Thursday 10 October 2013

R (Antoniou) v 1. The CNWL NHS Trust; The Secretary of State for Health; & NHS England  CO/7495/2011

The High Court has handed down judgment today on whether the UK should create a system for independently investigating the deaths of detained psychiatric patients. Lord Justice Aiken and Mr Justice Mitting found that such a system was not required under the current law but raised the possibility that the UK may wish to create such a system on grounds of public policy.

Today’s High Court judgment rejected Dr Michael Antoniou’s judicial review of the failure to conduct an independent investigation into his wife’s death in psychiatric detention. Mrs Jane Antoniou, a well known mental health campaigner, was found dead in her room at Northwick Park hospital in Harrow, London on 23 October 2010. She was detained at the time under section. An investigation was launched by the same NHS Trust that had responsibility for Mrs Antoniou’s care in detention (the Central and North West London NHS Trust).

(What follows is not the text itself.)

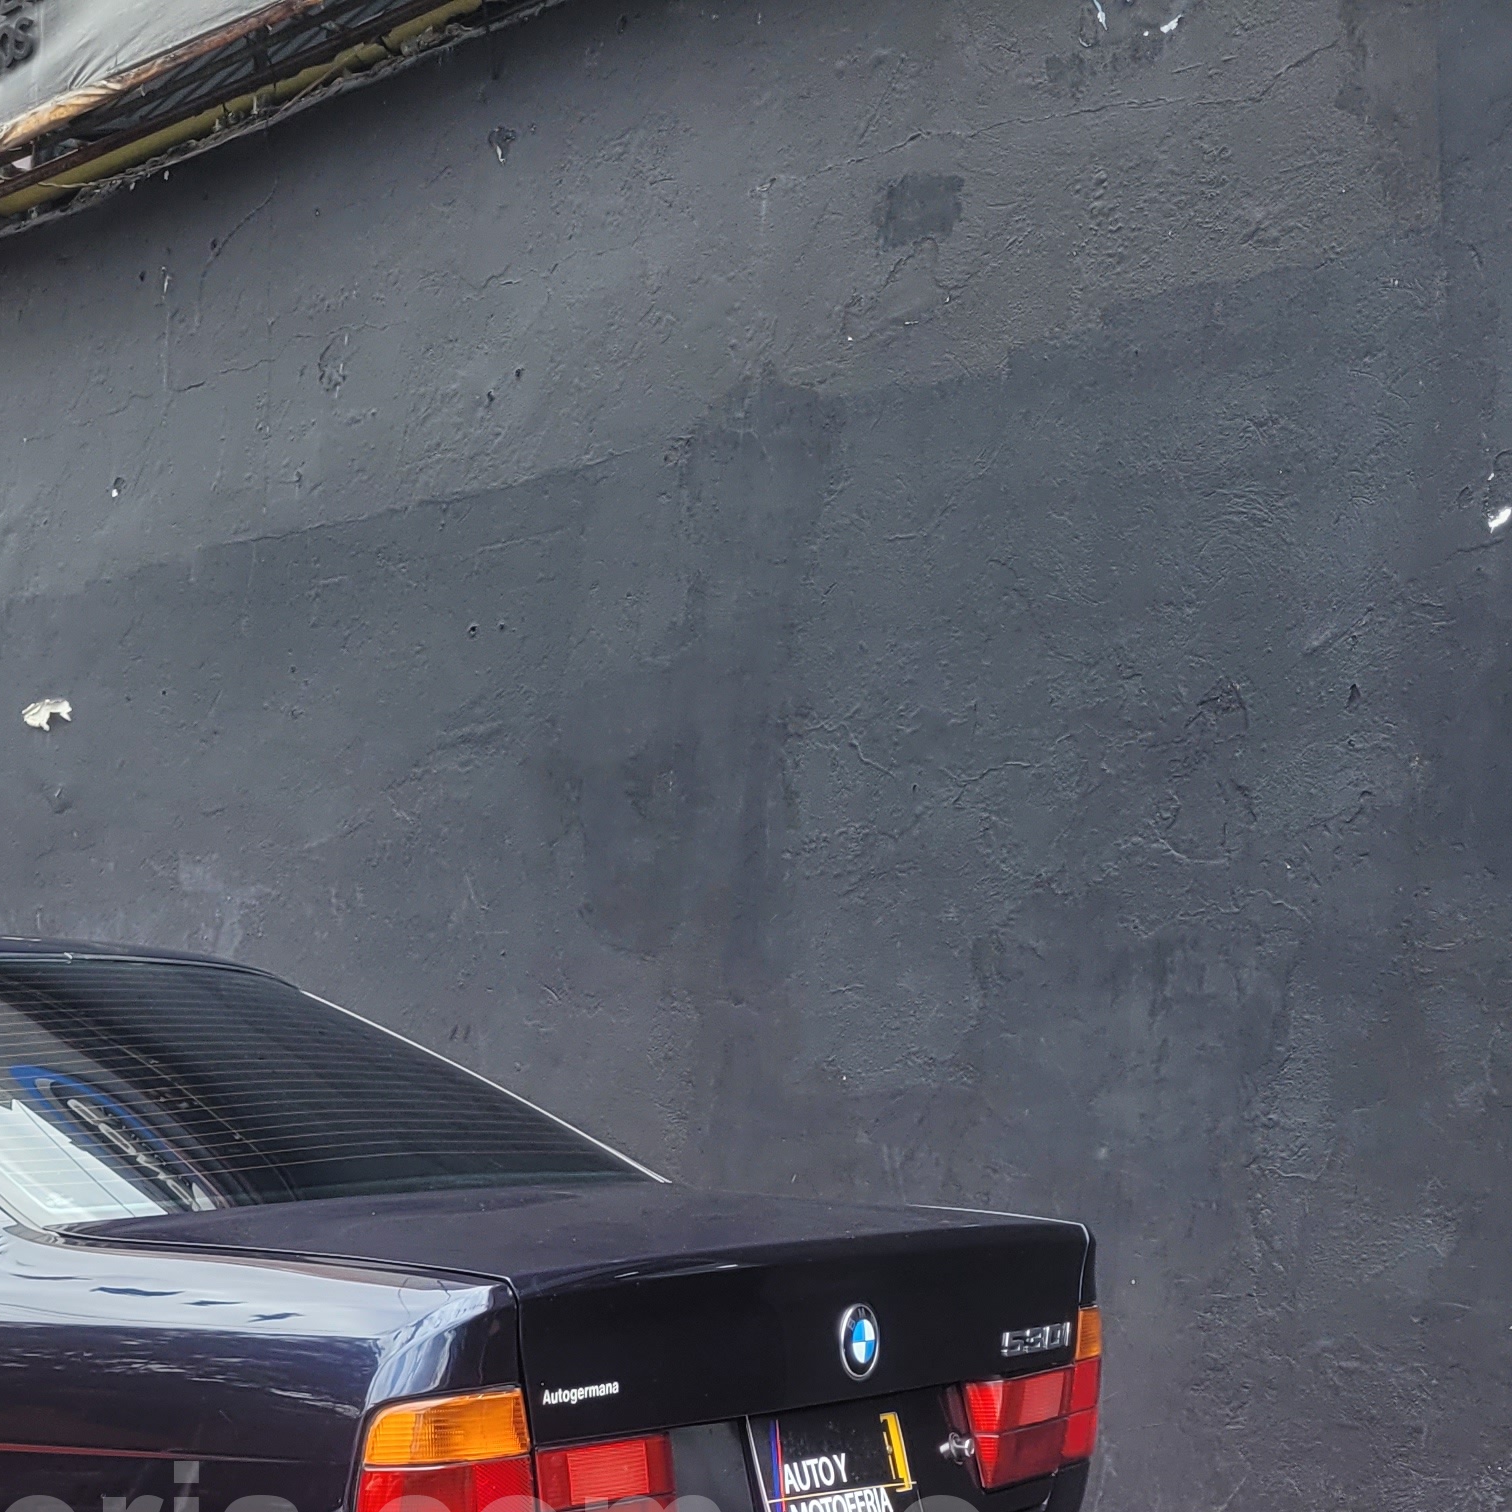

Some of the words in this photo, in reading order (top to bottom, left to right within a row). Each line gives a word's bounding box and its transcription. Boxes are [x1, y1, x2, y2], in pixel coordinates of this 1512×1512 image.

[542, 1381, 619, 1406] Autogermana
[783, 1456, 835, 1494] AUTO
[832, 1453, 847, 1483] Y

The internal investigation conducted by the Trust found few failures. However at her inquest almost two years later, the jury was highly critical of aspects of her care prior to her death. Had these been identified by an earlier, independent investigation, operational changes could have been implemented sooner to help minimise the risk to life of others.

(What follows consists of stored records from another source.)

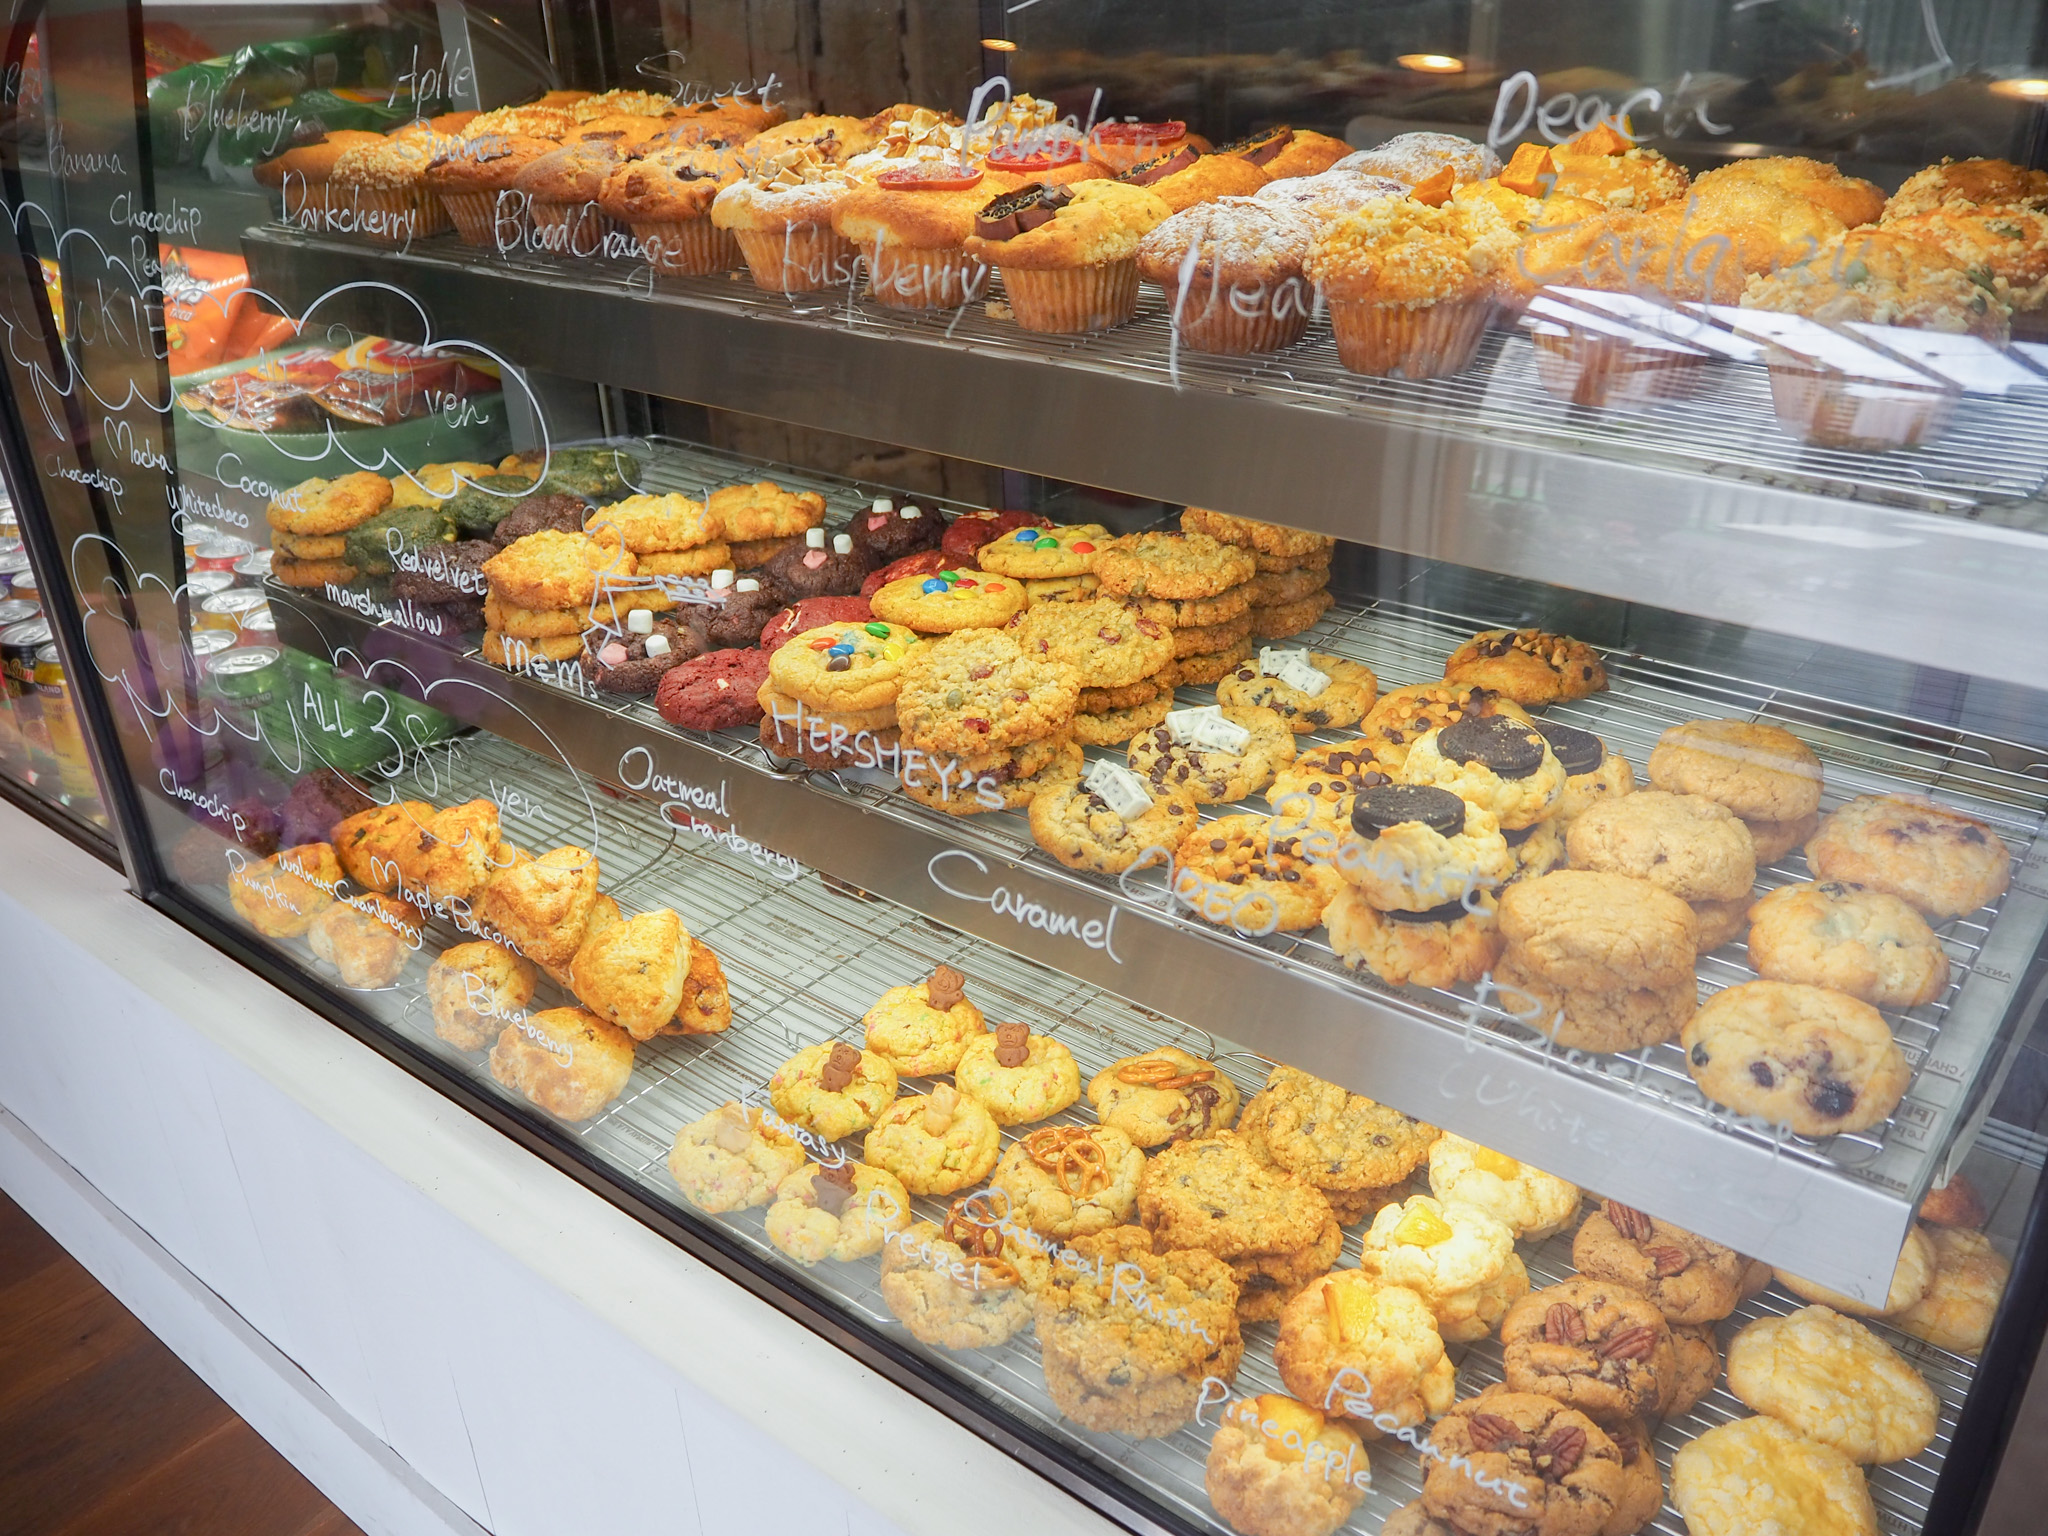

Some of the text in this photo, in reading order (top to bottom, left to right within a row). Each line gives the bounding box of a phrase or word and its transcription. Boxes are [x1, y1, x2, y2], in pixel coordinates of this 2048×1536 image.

[184, 75, 298, 156] Blueberry
[636, 50, 784, 113] Sweet
[1484, 70, 1733, 180] Peach
[110, 191, 201, 244] Chocochip
[281, 169, 416, 257] Darkcherry
[45, 454, 123, 515] Chocochip
[216, 452, 306, 512] Coconut
[303, 681, 354, 738] ALL
[617, 745, 730, 819] Oatmeal
[224, 848, 302, 915] Pumpkin
[660, 801, 800, 882] Cranberry
[1267, 792, 1501, 917] Peanut
[370, 855, 523, 956] Maple Bacon
[927, 848, 1123, 966] Caramel
[461, 970, 574, 1069] Blueberry
[739, 1082, 847, 1168] Fantasy
[866, 1190, 980, 1291] Pretzel
[963, 1186, 1215, 1346] Oatmeal Raisin
[1195, 1376, 1378, 1495] Pineapple

More psychiatric patients die every year in detention than any other type of detainee, yet they are the only detainees in England and Wales whose deaths are not investigated by an independent body pre-inquest. NHS England is currently undertaking a review of how these deaths should be investigated and it is hoped that this will lead to an end of the health service investigating itself prior to the inquest hearings into these deaths.

Dr Antoniou has until 21 October 2013 to lodge an application for permission to appeal from the High Court.

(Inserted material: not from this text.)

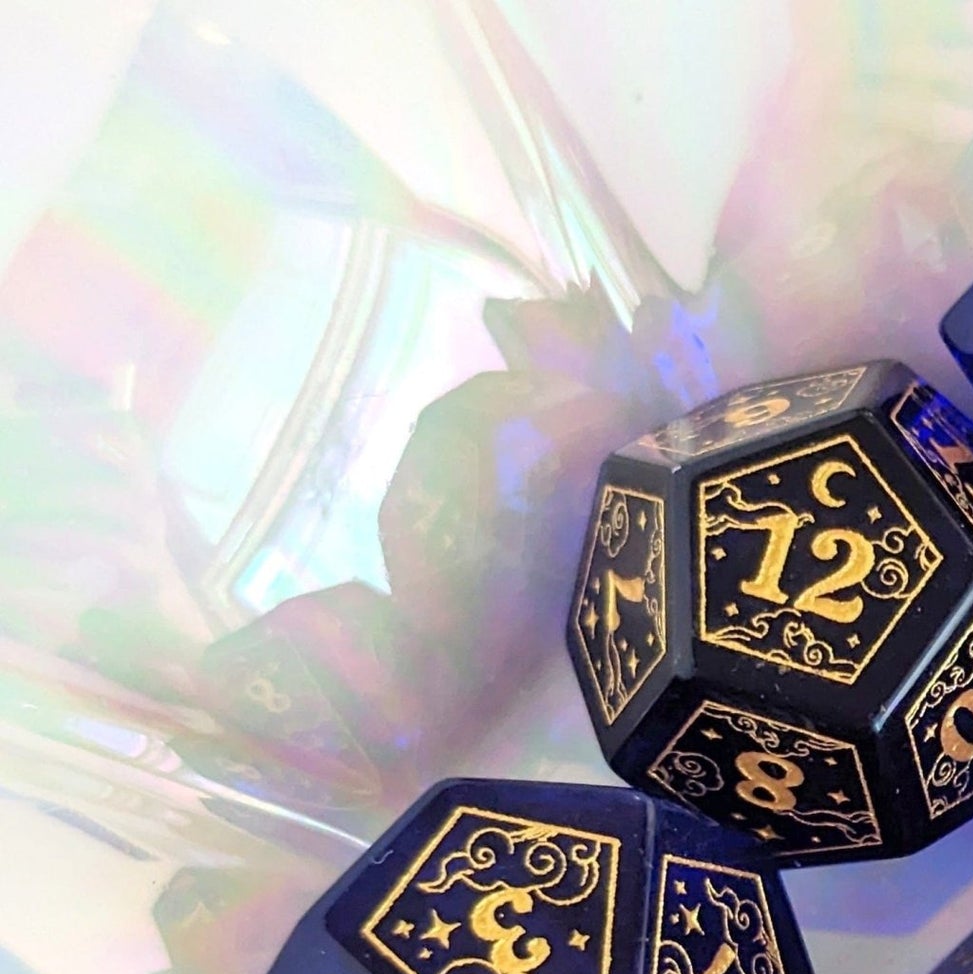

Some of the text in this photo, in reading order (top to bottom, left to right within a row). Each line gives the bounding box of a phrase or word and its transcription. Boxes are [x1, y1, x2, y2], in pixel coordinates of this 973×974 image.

[741, 514, 876, 624] 12
[605, 570, 645, 632] 7
[735, 751, 805, 811] 8

Deborah Coles, Co-Director of INQUEST said

“It is timely that today, World Mental Health Day, the battle for independent investigation into the deaths of detained psychiatric patients continues.  As politicians celebrate the positive steps that have already been made towards ending mental health discrimination, we call on them to pledge their support to end this unfair and discriminatory practice.

“We are continuing to see serious and systematic failures of Trusts to properly investigate deaths of psychiatric patients in their care.  Only rigorous, transparent and fully independent investigations, with the effective participation of the family, will ensure lessons are learnt from deaths in mental health detention, so that further deaths can be prevented.”

INQUEST has been working with the family of Jane Antoniou since her death in 2010. The family is represented by INQUEST Lawyers Group members Tony Murphy of Bhatt Murphy solicitors and Paul Bowen QC of Doughty Street chambers.

Ends

Notes to editors:

  1. Today’s High Court judgment rejecting Dr Michael Antoniou’s judicial review of failure to conduct an independent investigation into his wife’s death in psychiatric detention is available from INQUEST. Please contact Hannah Ward, Communications Manager on 020 7263 1111.
  2. Dr Antoniou’s challenge is funded by the Equalities and Human Rights Commission.   He is also supported by INQUEST and Rethink Mental Illness.
  3. An inquest took place into Mrs Antoniou’s death before HMC Andrew Walker sitting with a jury at North London Coroners Court from 30 April – 16 May 2012. The jury concluded that Mrs Antoniou died as a result of inadvertent self-harm and it returned a narrative verdict criticising aspects of Mrs Antoniou’s care.
  4. The Independent Advisory Panel on Deaths in Custody (IAP) figures record that in the ten year period from 2002 to 2011 inclusive there were a total of 3,197 deaths giving an average of 320 deaths in mental health detention each year.
  5. Concern regarding the lack of independent investigation of MHA deaths has been expressed for some time by influential bodies including: the Joint Parliamentary Committee on Human Rights; and the Forum for Preventing Deaths in Custody (now replaced by the Independent Advisory Panel on Deaths in Custody which is a part of the Ministerial Council on Deaths in Custody).